The aerobics room thrummed with synthesizer-heavy pop music—Jazzercise, I remembered, was still huge, and this class was basically the same thing with a different name.

Valerie, predictably, was already stationed in front of the best mirror, examining her reflection with the intensity of someone searching for signs of aging at twenty-six. Diane shot me a look and we claimed spots near the back, where the view was worse but the judgment felt less oppressive.

The workout was harder than I expected, not because I was out of shape, but because I’d forgotten what it felt like to move in a body that actually cooperated.

I could do things. Jump without my knees protesting, stretch without something pulling wrong, match the instructor’s energy without wanting to die.

At fifty, I’d traded intensity for sustainability. At twenty-three, apparently I’d had both.

After class, we showered in the communal locker room, something I’d forgotten existed, and something 2014 me would have found horrifying, and then caught the T to brunch.

The train was crowded with Saturday shoppers, college students, and a guy playing guitar badly for change, as I stood holding the overhead rail while Diane chattered about Robbie’s dimples.

The diner was one of those places that had probably been exactly the same since 1965.

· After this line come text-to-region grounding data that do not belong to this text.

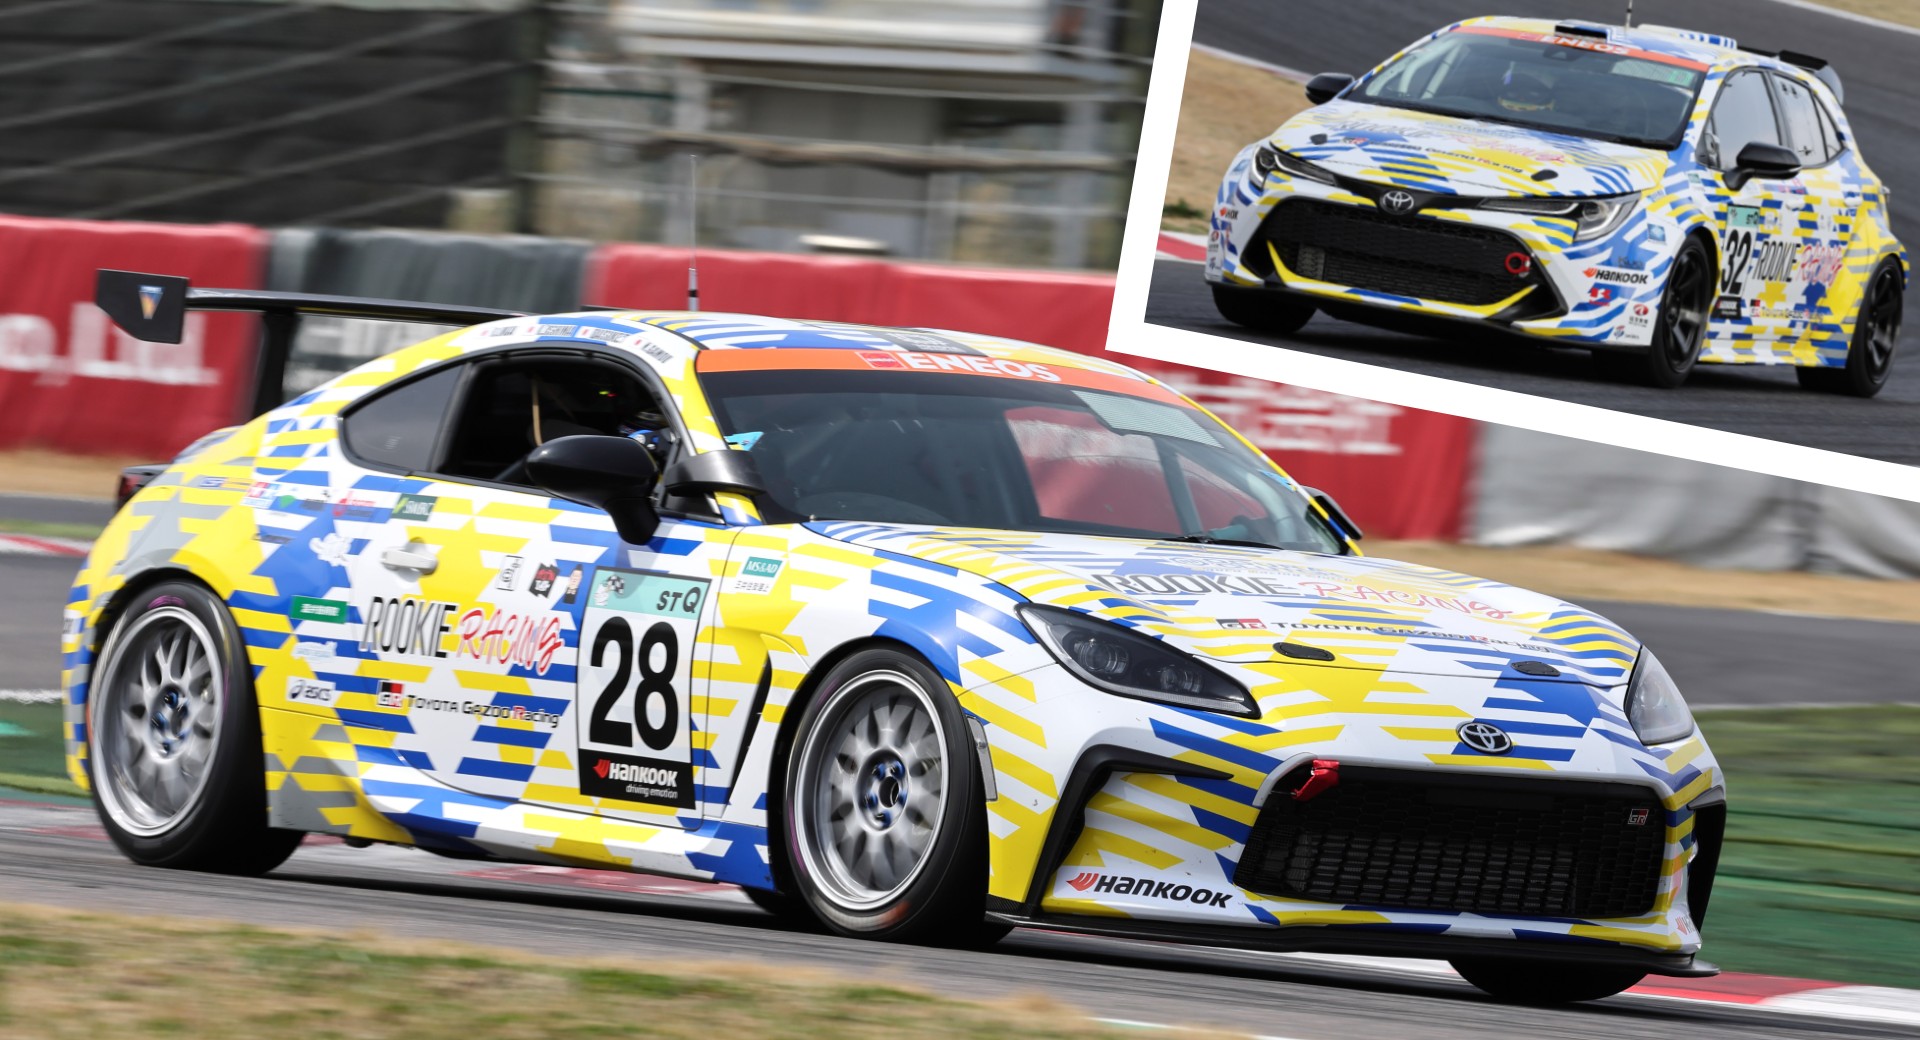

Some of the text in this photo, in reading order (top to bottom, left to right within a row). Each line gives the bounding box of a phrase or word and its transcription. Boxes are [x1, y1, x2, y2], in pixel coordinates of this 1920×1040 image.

[1720, 229, 1752, 295] 32
[1752, 240, 1801, 282] ROOKIE
[896, 352, 1062, 382] ENEOS
[745, 560, 779, 575] MS&AD
[1092, 573, 1514, 620] ROOKIE RACING
[360, 596, 563, 673] ROOKIE RACING
[589, 616, 679, 750] 28
[512, 706, 561, 728] Racing
[625, 784, 678, 799] driving emotion

Vinyl booths, Formica counters, laminated menus advertising things like “the lumberjack special” without a trace of irony.

We slid into a booth by the window and ordered coffee and pancakes, and for a few minutes, I let myself believe this was normal.

That I was just a twenty-three-year-old having brunch with her best friend on a Saturday morning.

“So,” Diane said, pouring an alarming amount of syrup on her pancakes, “tonight. Robbie’s friend Kevin is apparently some kind of banker? Which, like, boring, but he’s supposed to be cute. And—”

She kept talking, but I’d stopped listening.

Because Jack Cavanaugh had just walked through the door.

He looked exactly as I remembered him. Tall, broad-shouldered, dark hair that needed a cut and probably always would. Blue eyes that saw everything, that had once looked at me like I was the answer to a question he was afraid to ask.

He wasn’t alone.

The woman with him was pretty in an effortless way with dark hair, an easy smile, and a camera bag slung over her shoulder. She laughed at something Jack said, and he smiled back at her, relaxed and open in a way I hadn’t seen in months before we’d ended things back in November.

They moved to a booth across the room, and the woman touched his arm casually as they sat down. Comfortable. Familiar.

Like they’d been doing this for a while.

“Maggie?” Diane’s voice came from very far away. “You look like you just saw a ghost.”

Not a ghost. Worse.

I watched Jack lean across the table to say something to the woman, watched her smile widen in response, and felt something cold settle in my stomach.

Three months, Diane had said. It had been three months since Jack and I ended, and he had apparently moved on.

Found someone who didn’t push him away. Someone who knew what she wanted and wasn’t afraid to reach for it.

So either we’d met on Valentine’s for some last ditch relationship repair dinner and failed, or the past had already changed and we’d never had the final last straw break-up over dinner?

That voice in the darkness had promised me thirteen days. A second chance.

But no one had told me I’d be competing for that chance.

Jack looked up then, as if he felt my gaze, and our eyes met across the crowded diner. Something flickered across his face. Surprise, maybe, or something more complicated, before his expression smoothed into careful neutrality.

He turned back to his companion without acknowledging me.

And I sat in that vinyl booth with my untouched pancakes and my racing heart, and wondered what the hell I’d gotten myself into.